We climbed more slowly and together after that. I was chagrined and angry with myself, and a little jealous that Robin Saxeholm, friend of but a summer-time, should teach me thoughtfulness of dear Letitia. All that steep ascent I felt a strange resentment in my soul, not that Robin was so kind and mindful of her welfare, guiding her gently to where the slope was mildest, but that it was not I who helped her steps. I feigned indifference, but I knew each time he spoke to her and I saw how trustingly she gave her hand.
And I was envious – yes, I confess it – envious of Robin for himself, he was so stalwart; and besides, his coat and trousers set so rarely! They were of some rough, brownish, Scotchy stuff, and interwoven with a fine red stripe just faintly showing through – oh, wondrous fetching! Such ever since has been my ideal pattern, vaguely in mind when I enter tailor-shops, but I never find it.
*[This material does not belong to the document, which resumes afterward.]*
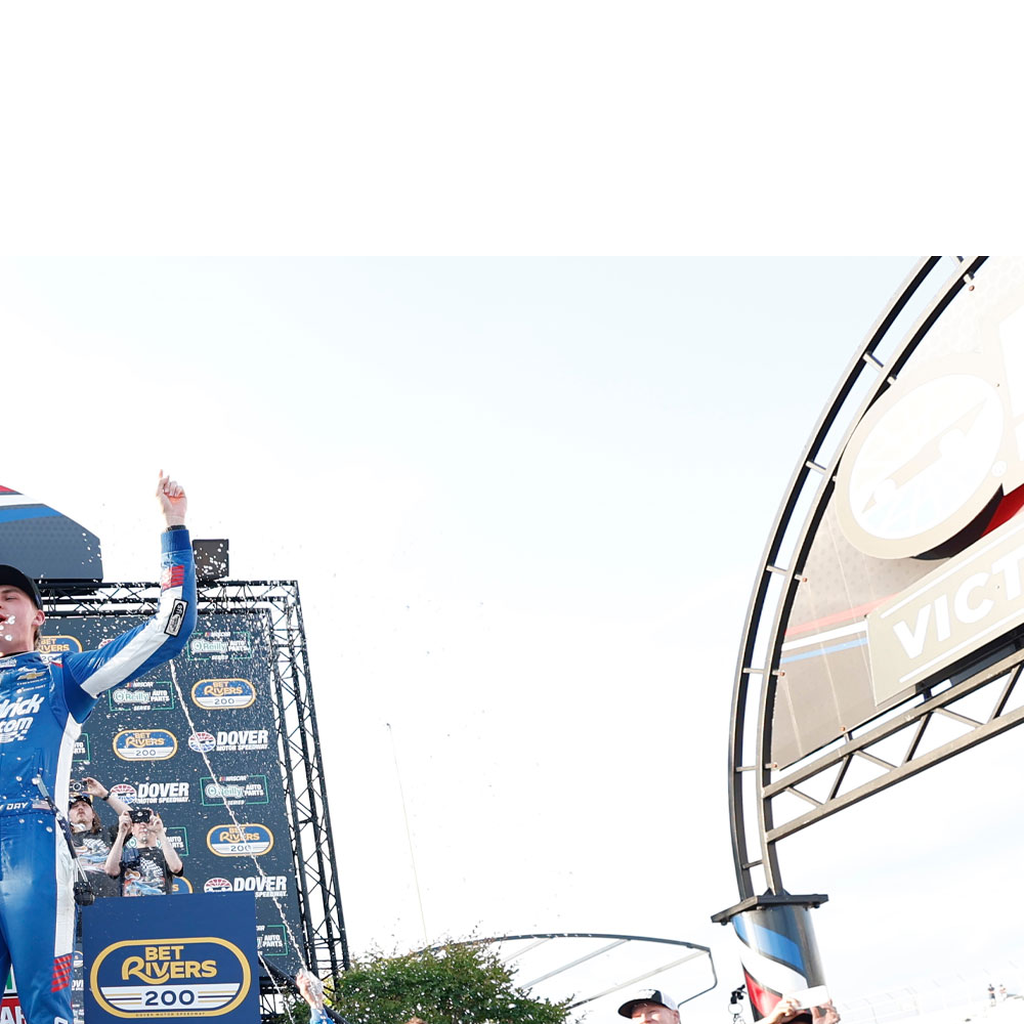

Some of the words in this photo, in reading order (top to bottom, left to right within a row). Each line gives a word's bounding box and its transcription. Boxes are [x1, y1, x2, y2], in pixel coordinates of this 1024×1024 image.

It was woven, I suppose, on some by-gone loom; perhaps at Thrums.
Reaching the summit and drinking in the sweet, clear, skyey airs, with Grassy Fordshire smiling from all its hills and vales for miles about us, I forgot my pique.
"What about water?" Letitia asked.
I knew a spring.
"I'll go," said Robin. "Where is it, Bertram?"
"Oh no, you won't!" I cried, fiercely. "That's my work, Mr. Bob. You're not the only one who can help Letitia."
He looked astonished for a moment, but laughed good-naturedly and handed me his flask. Letitia smiled at me, and I whistled "Dixie" as I disappeared. I hurried desperately till I lost my breath; I skinned both knees; I wellnigh slipped from a rocky ledge, yet with all my haste I was a full half-hour gone, and got back red and panting.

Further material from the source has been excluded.